The production of milk casein using DNA-altering technology in a precision fermentation is similarly costly due to the need for dedicated growth media, large scale fermentors, and purification of the expressed protein. On top of that, milk is a complex product in which different proteins, minerals, sugars and fats interreact with each other: a single protein produced by precision fermentation will not act the same on its own, compared to the ‘original’ which is a complicated matrix.
With all these variables and unknowns during product development, it can be difficult to make a business case for a particular alternative protein: how do you prove you are on the right track, and get additional investment to move to the next step?
HB: Because of the high cost of developing a precision fermentation or a cellular protein, you must be sure that your protein is good enough to use in real food products. Above all, you want to avoid developing and upscaling a very expensive protein, only to discover at the end that it either doesn’t work at all, or that the process has to be adapted.
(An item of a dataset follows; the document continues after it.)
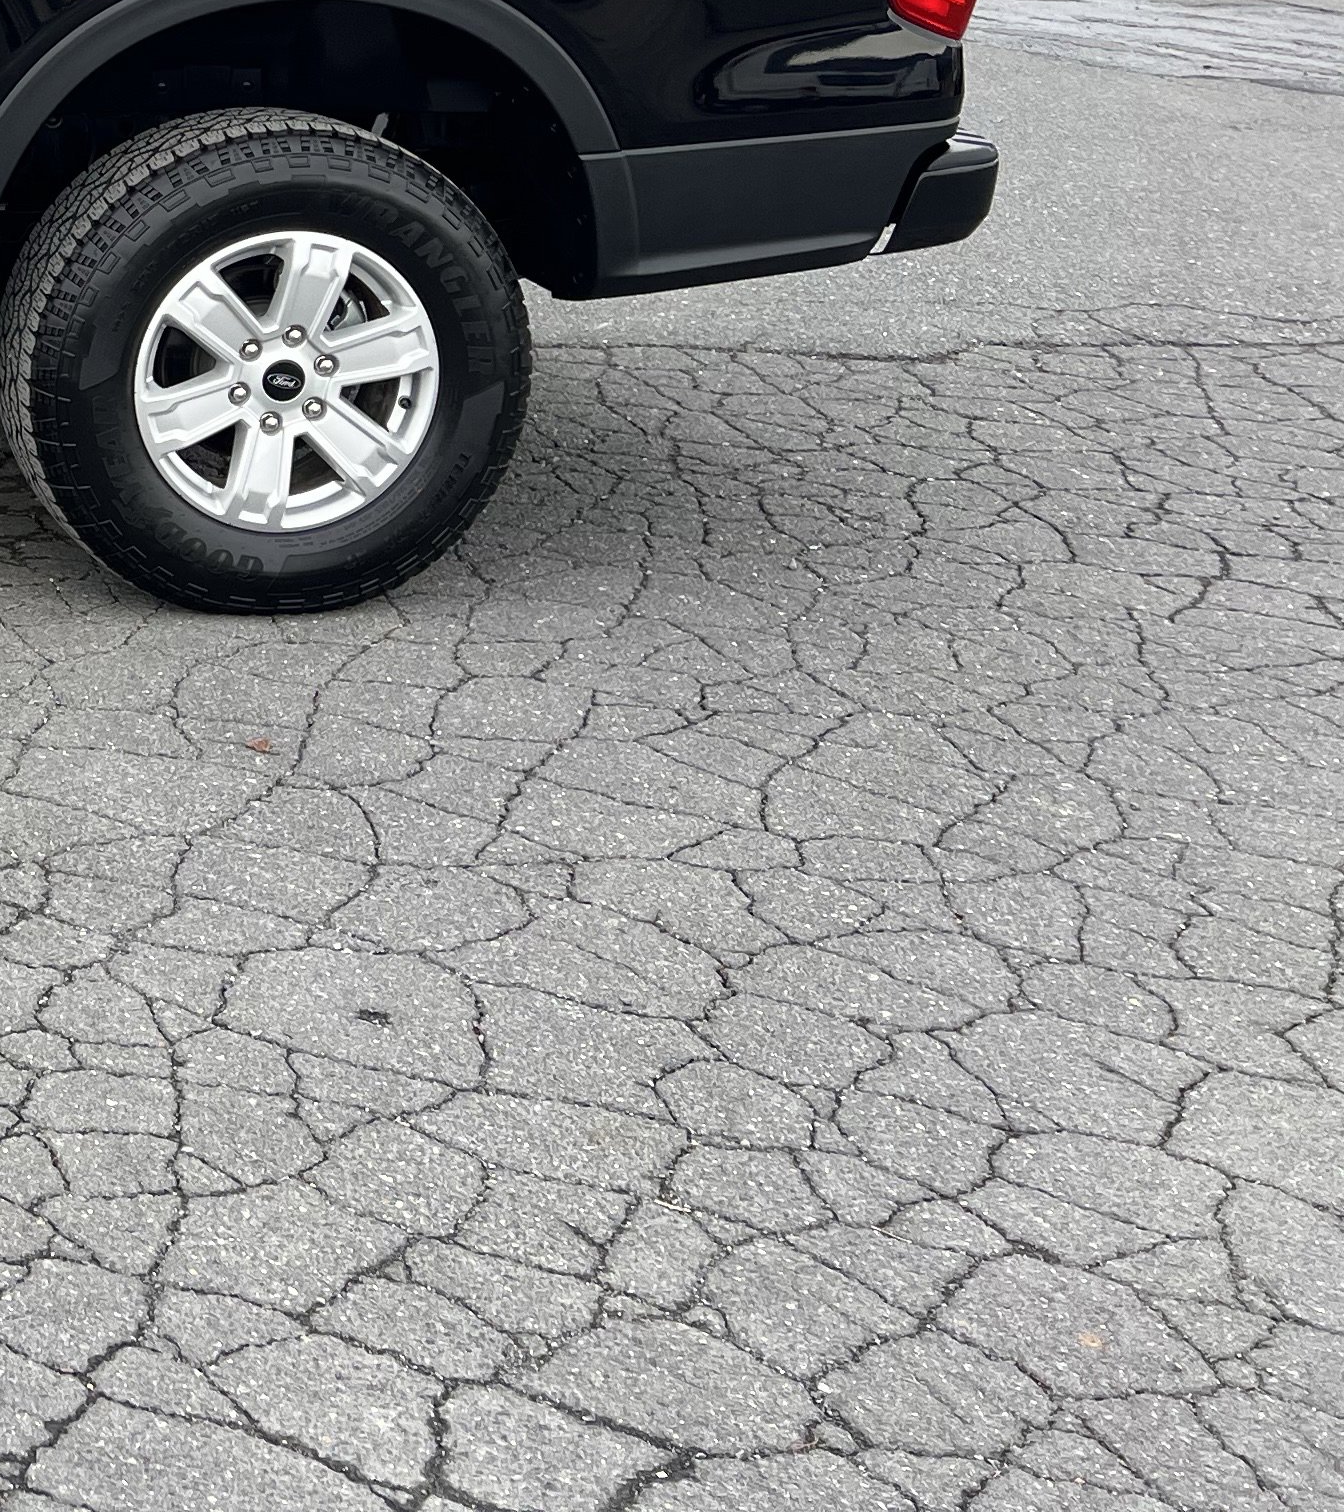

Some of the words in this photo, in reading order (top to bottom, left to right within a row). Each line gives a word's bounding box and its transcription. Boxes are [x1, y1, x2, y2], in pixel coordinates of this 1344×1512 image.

This means you should begin testing your protein as early as possible, in parallel with development, so you can adapt the process as you go along.
With some alternative proteins, such as those from plants or microbial biomass, you generally have a lot of material to work with. You develop your process in the lab, and can then scale up in order to test and optimise.
With precision fermentation, however, you initially create a very small amount of relatively expensive – and therefore very precious – material. Scaling up takes even more time and money. Yet you need enough material to prove the viability of your protein.
HB: While precision fermented proteins are scarce and costly, their original, ‘animal-sourced’ versions are readily available. You can thus use those versions to explore the potential of your precision fermented version, and try out different processes, in a kind of ‘shadow’ development.
Say you wish to develop a cheese with your precision fermentation protein. You can isolate the desired protein fraction from dairy milk, and then work out how to make it into a cheese. Which fats and carbs do you need, in which ratios, etc.? This can give you a step forward in determining how to use your -very costly – precision fermentation protein to make a real product.
HB: Even if you only have a very small amount of material to work with, you can test certain characteristics: does it dissolve in water, does it gel, etc. But to evaluate technological functionalities such as taste, texture and nutritional value or food safety, you need enough material to make a basic ‘product’, to get a better understanding of the complete process. Doing this on a small scale can give you good insight into the techno-economic feasibility of your approach, and allows a better-defined lifecycle analysis of the eventual product.
Food micro-models enable you to do that with minimal material. NIZO’s validated MicroCheese model system, for example, makes and tests very small amounts of real cheese (or yoghurt) for a broad variety of consumer relevant characteristics. With MicroCheese, for example, we can test cheese made with only 1.2 ml of milk. With the right know-how, micro-food models allow rapid development and evaluation of new product categories and ingredients such as different alternative proteins.
This approach lets you evaluate the suitability of your alternative protein and the characteristics of products made with it early on – before you scale-up the protein production process. You can adapt your process if necessary, and rerun the model. And you can demonstrate to investors or management what you can expect before entering the scale up phase. So you can be sure you are on the right track, at an earlier stage of your project.